Input material:
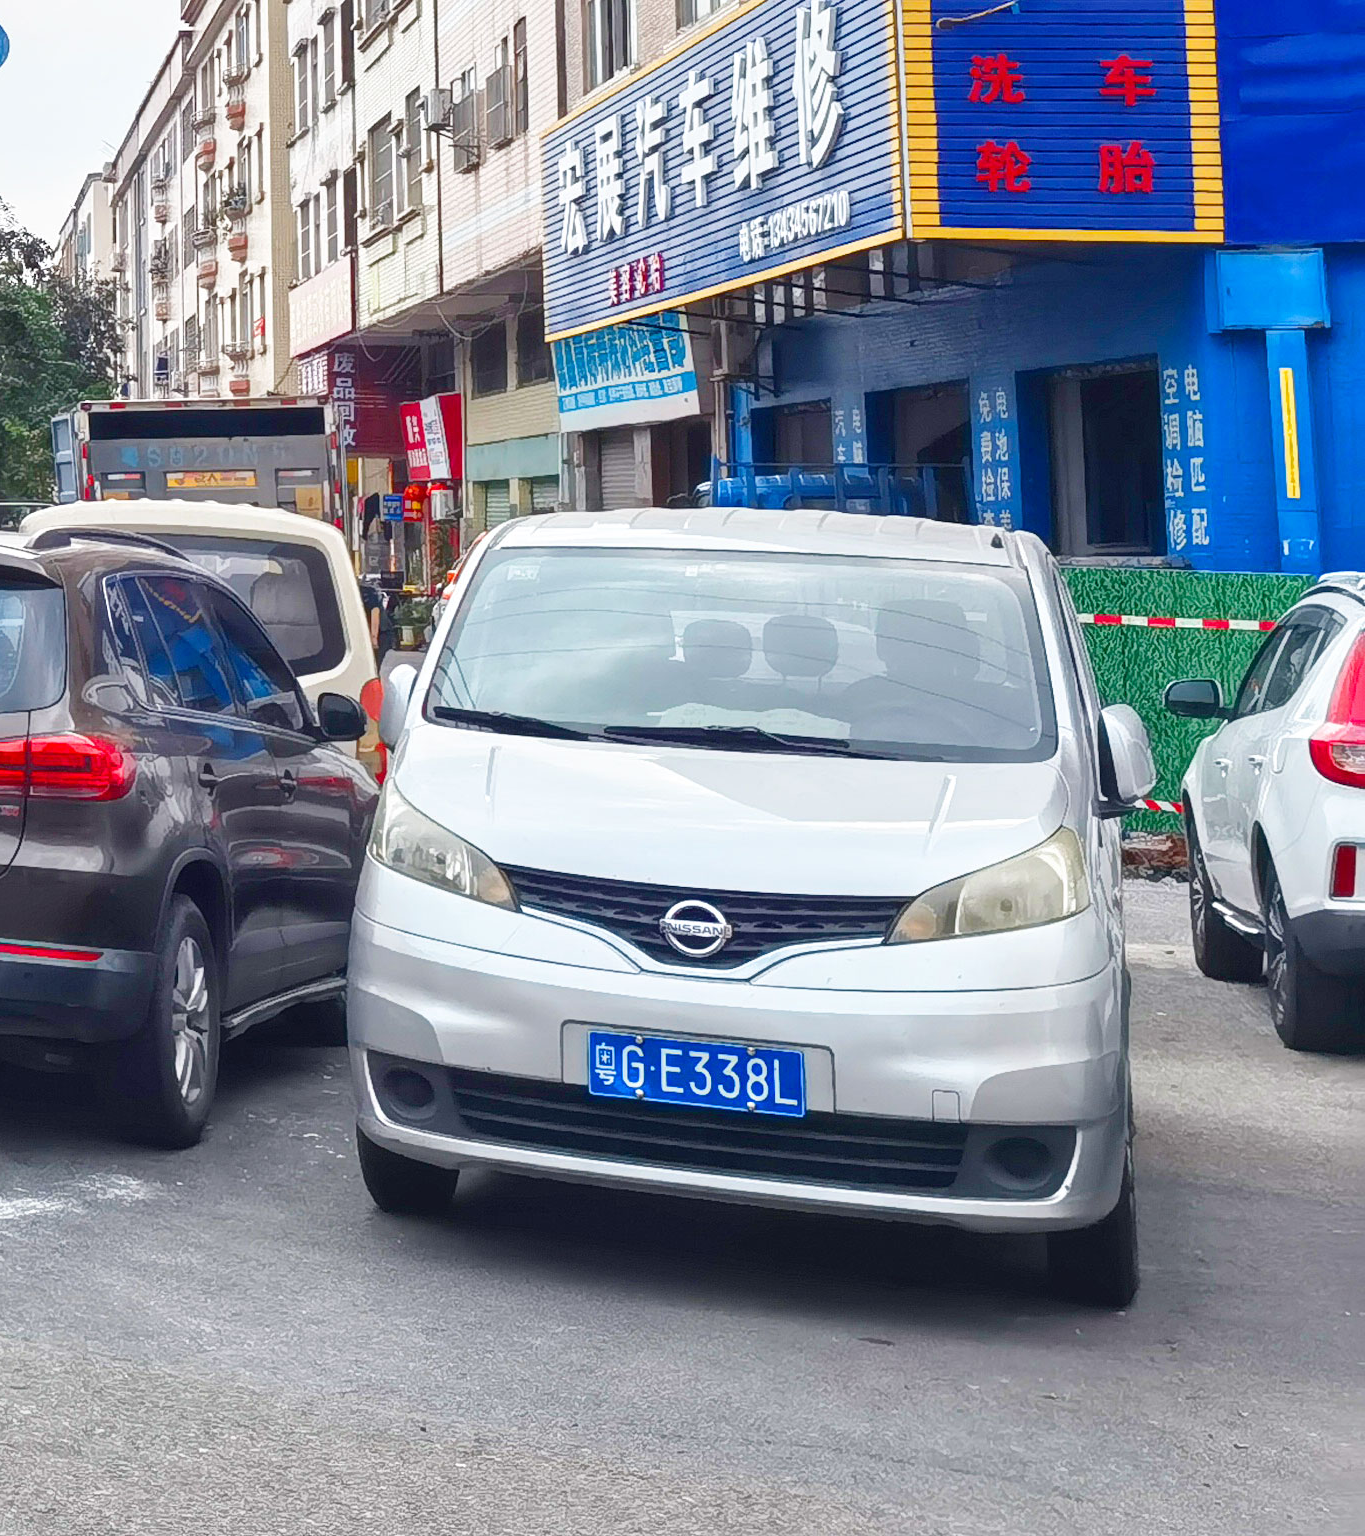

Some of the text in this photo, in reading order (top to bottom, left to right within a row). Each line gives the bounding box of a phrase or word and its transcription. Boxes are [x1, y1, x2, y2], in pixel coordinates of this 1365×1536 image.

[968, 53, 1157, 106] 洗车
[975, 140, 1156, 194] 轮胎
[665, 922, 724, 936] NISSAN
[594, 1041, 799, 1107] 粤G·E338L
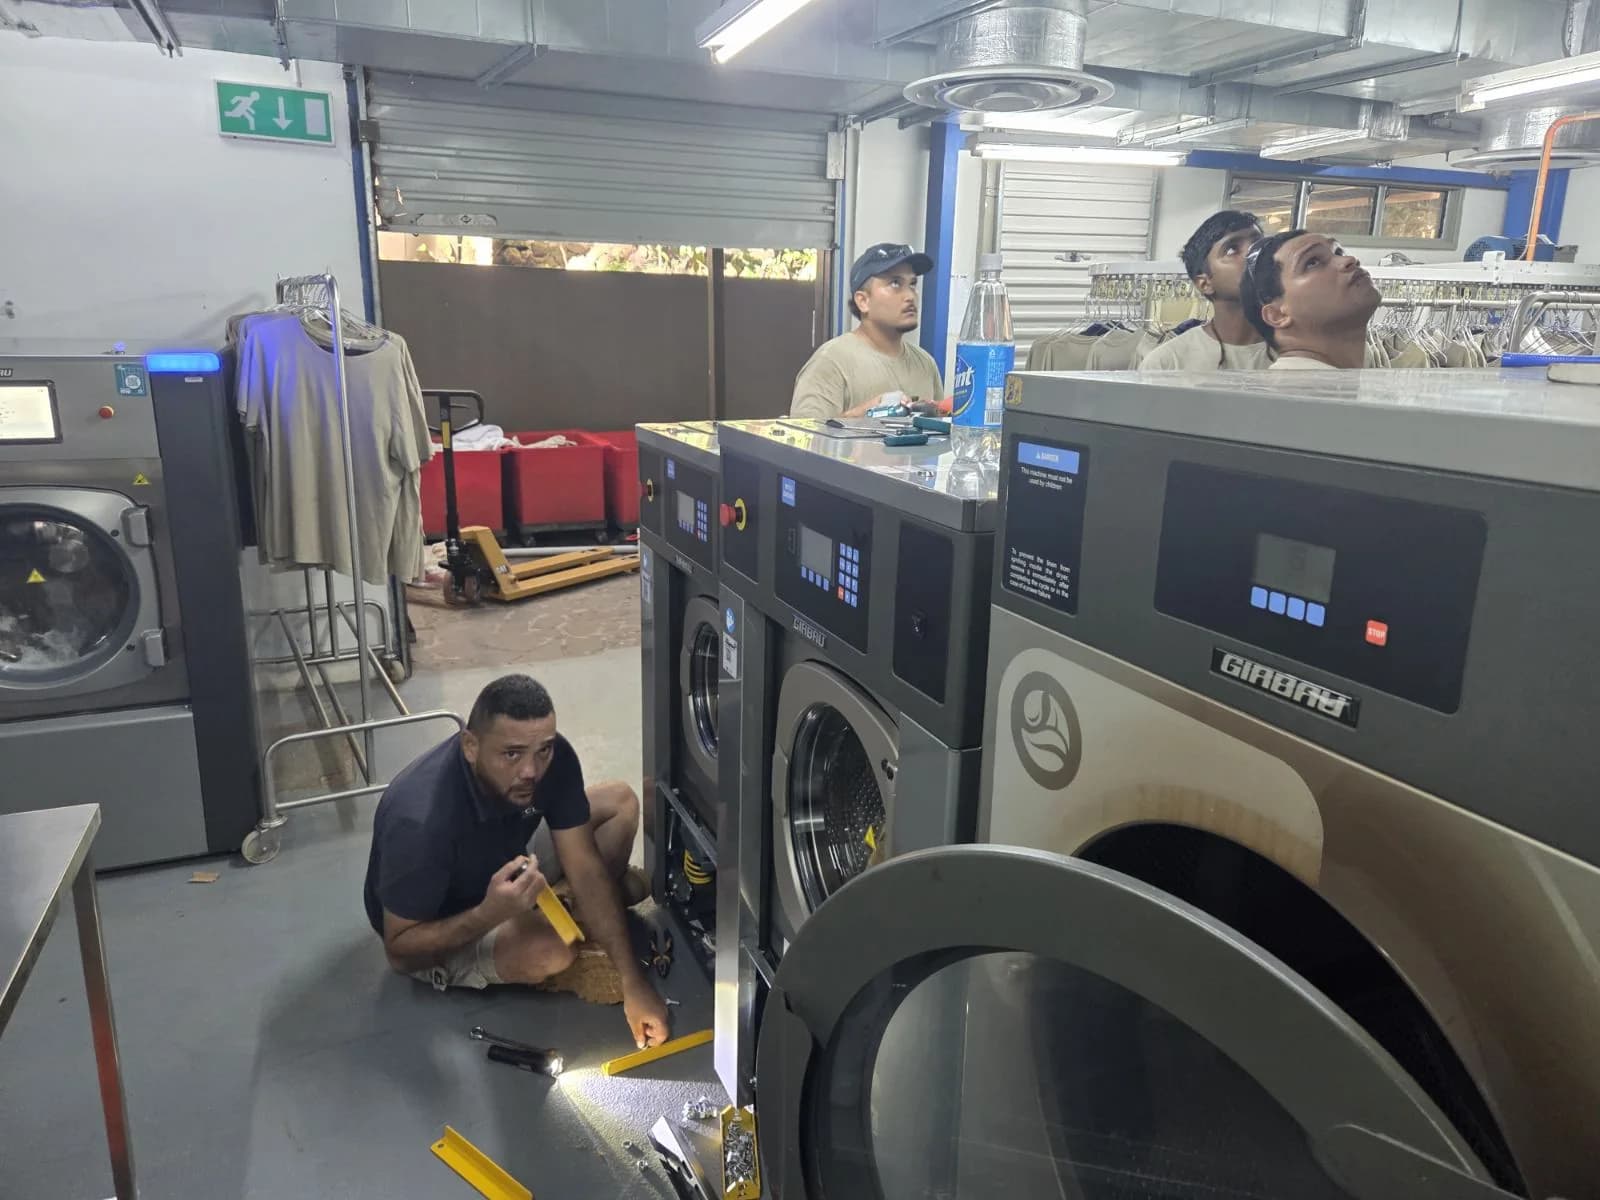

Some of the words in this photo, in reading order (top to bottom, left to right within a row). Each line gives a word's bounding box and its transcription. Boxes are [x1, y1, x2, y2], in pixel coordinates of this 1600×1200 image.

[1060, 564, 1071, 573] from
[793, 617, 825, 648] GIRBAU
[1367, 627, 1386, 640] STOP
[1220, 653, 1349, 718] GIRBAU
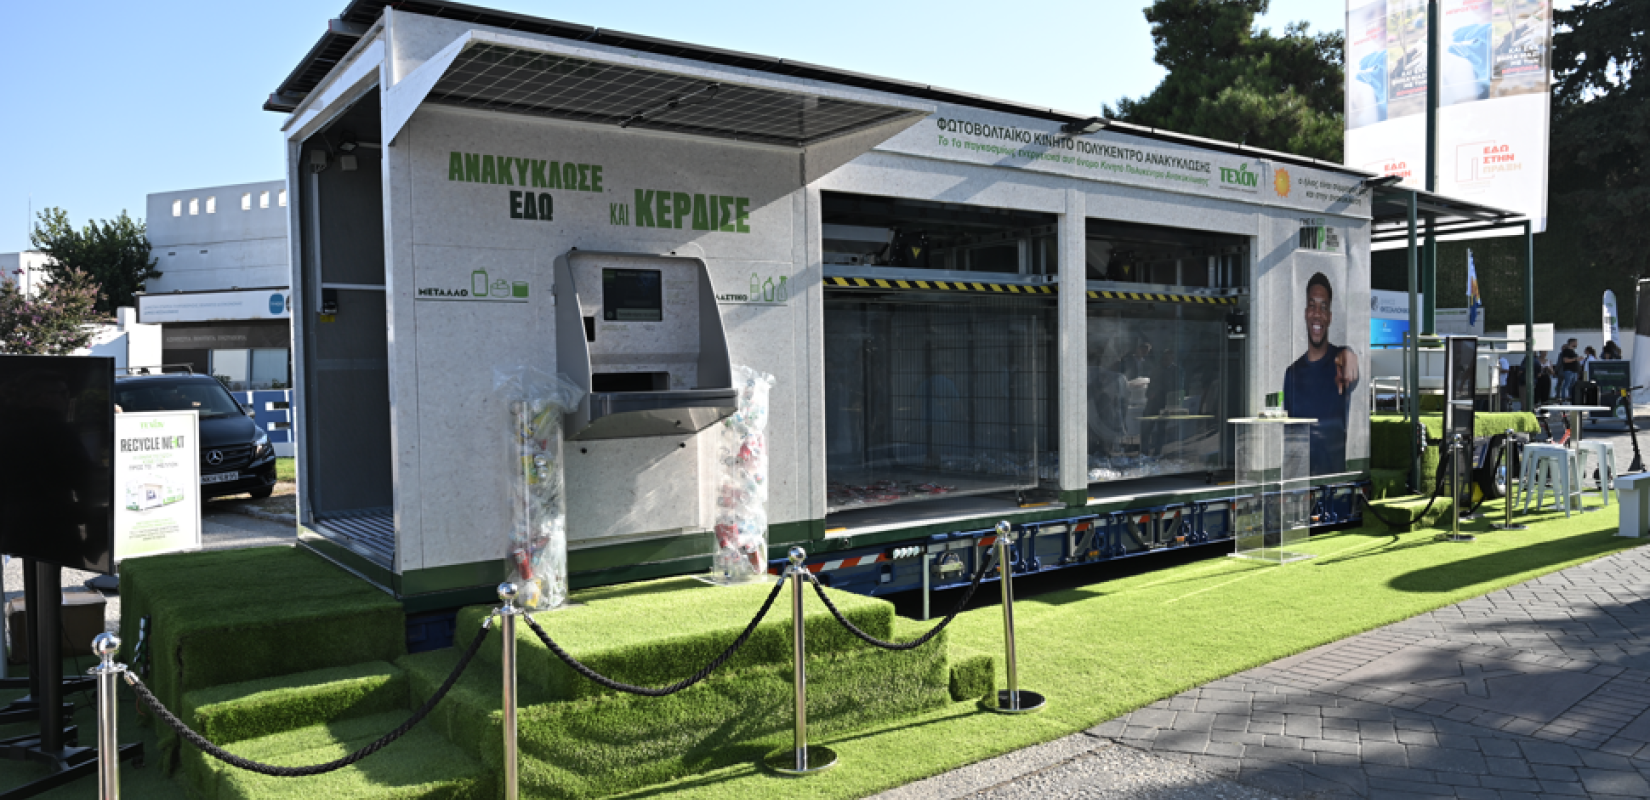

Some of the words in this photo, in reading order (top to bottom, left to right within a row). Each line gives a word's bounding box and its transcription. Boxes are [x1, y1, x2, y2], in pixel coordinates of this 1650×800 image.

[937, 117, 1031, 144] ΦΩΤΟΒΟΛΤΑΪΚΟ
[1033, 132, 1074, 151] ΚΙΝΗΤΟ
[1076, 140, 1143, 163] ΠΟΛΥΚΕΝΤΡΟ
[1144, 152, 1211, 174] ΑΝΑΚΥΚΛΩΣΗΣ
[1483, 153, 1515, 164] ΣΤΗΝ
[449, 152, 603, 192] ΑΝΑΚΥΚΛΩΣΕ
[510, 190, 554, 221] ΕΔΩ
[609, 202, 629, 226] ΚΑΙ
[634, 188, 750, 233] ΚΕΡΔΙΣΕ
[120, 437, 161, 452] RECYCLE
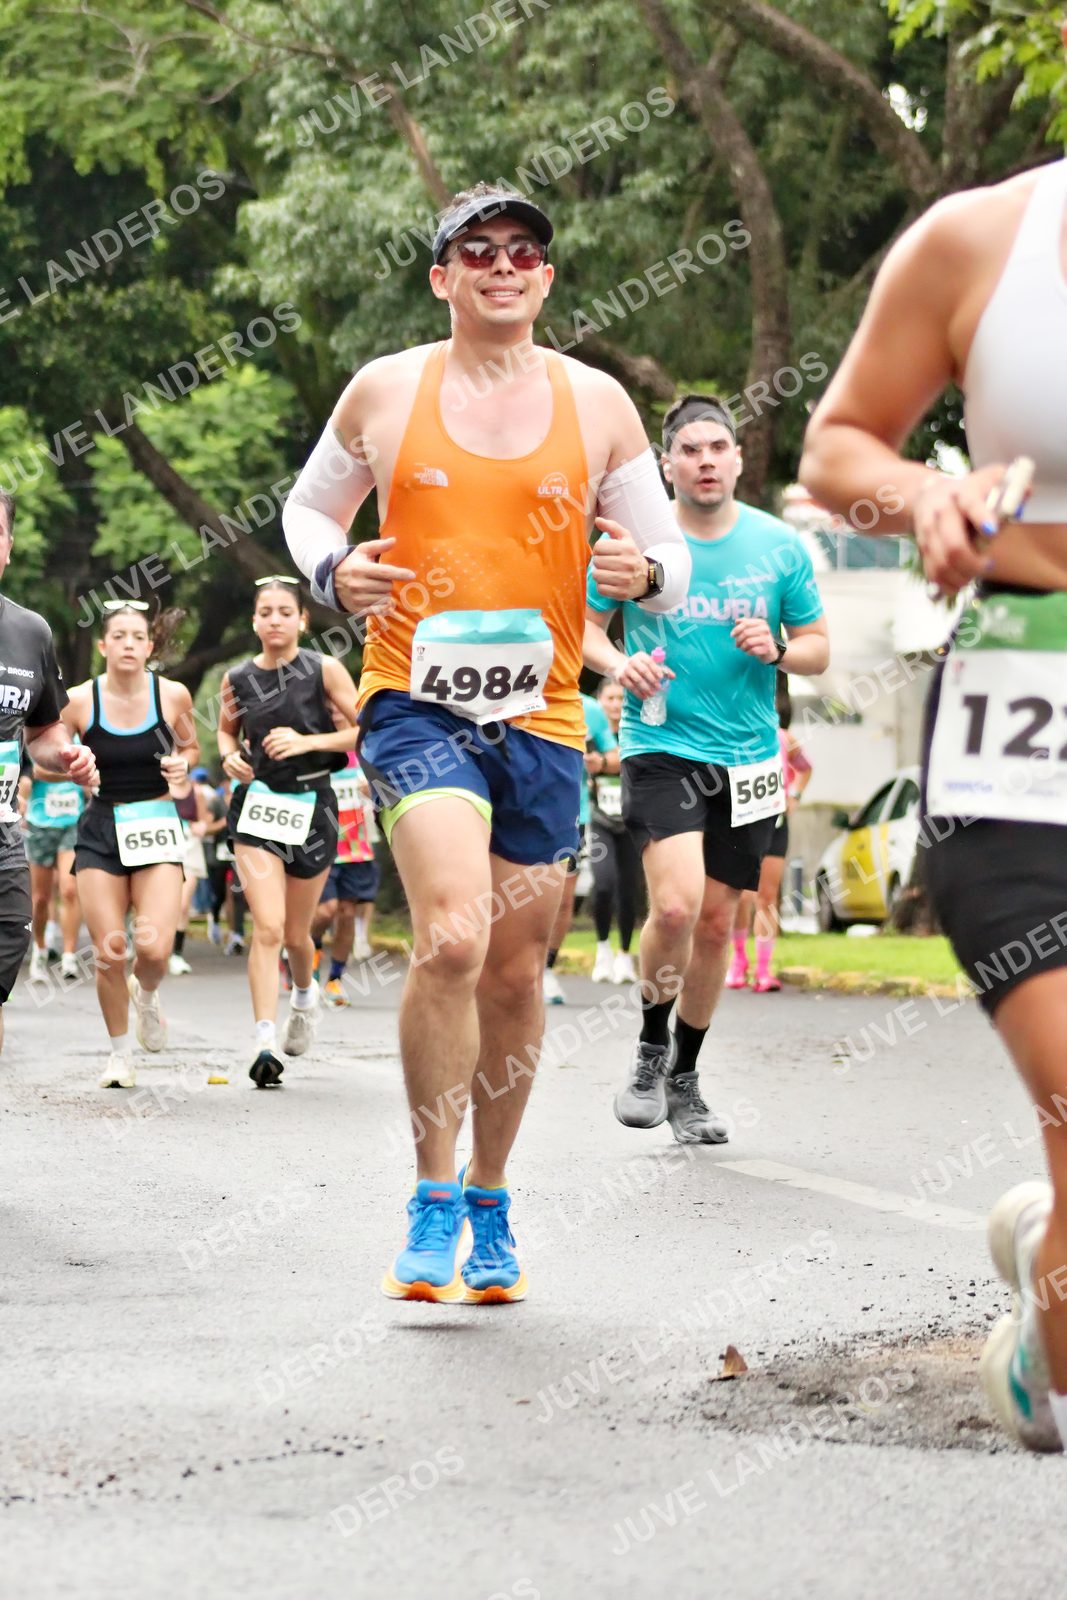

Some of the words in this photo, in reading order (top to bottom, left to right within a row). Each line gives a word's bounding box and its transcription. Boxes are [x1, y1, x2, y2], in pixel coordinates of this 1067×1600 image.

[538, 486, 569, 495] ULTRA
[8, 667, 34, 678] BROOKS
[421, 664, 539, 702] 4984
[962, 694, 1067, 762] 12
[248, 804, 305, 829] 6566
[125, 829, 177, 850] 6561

Task item:
Pictures are to be left out; all else in the entries above is to be quoted exactly.

Response to the exercise:
Some of the text in this photo, in reading order (top to bottom, left to right within a row). Each line gives the bounding box of a phrase or word and its transcription. Boxes are [x1, y1, x2, y2], in pixel coordinates of this 1365×1536 image.

[968, 53, 1157, 106] 洗车
[975, 140, 1156, 194] 轮胎
[665, 922, 724, 936] NISSAN
[594, 1041, 799, 1107] 粤G·E338L

Some of the words in this photo, in reading order (top to bottom, left to right within a row). Each line gives a word's bounding box and its transcription. Boxes are [x1, y1, x2, y2], in pixel coordinates of this 1600×1200 image.

[1060, 564, 1071, 573] from
[793, 617, 825, 648] GIRBAU
[1367, 627, 1386, 640] STOP
[1220, 653, 1349, 718] GIRBAU

Some of the words in this photo, in reading order (top to bottom, left to right within a row). Each line gives a word's bounding box and its transcription. Boxes are [x1, y1, x2, y2], in pixel coordinates of this 1650×800 image.

[937, 117, 1031, 144] ΦΩΤΟΒΟΛΤΑΪΚΟ
[1033, 132, 1074, 151] ΚΙΝΗΤΟ
[1076, 140, 1143, 163] ΠΟΛΥΚΕΝΤΡΟ
[1144, 152, 1211, 174] ΑΝΑΚΥΚΛΩΣΗΣ
[1483, 153, 1515, 164] ΣΤΗΝ
[449, 152, 603, 192] ΑΝΑΚΥΚΛΩΣΕ
[510, 190, 554, 221] ΕΔΩ
[609, 202, 629, 226] ΚΑΙ
[634, 188, 750, 233] ΚΕΡΔΙΣΕ
[120, 437, 161, 452] RECYCLE

Some of the words in this photo, in reading order (top to bottom, left to right within a row). Each line gives a word's bounding box and its transcription. Boxes are [x1, y1, x2, y2], in pixel coordinates of this 1067×1600 image.

[538, 486, 569, 495] ULTRA
[8, 667, 34, 678] BROOKS
[421, 664, 539, 702] 4984
[962, 694, 1067, 762] 12
[248, 804, 305, 829] 6566
[125, 829, 177, 850] 6561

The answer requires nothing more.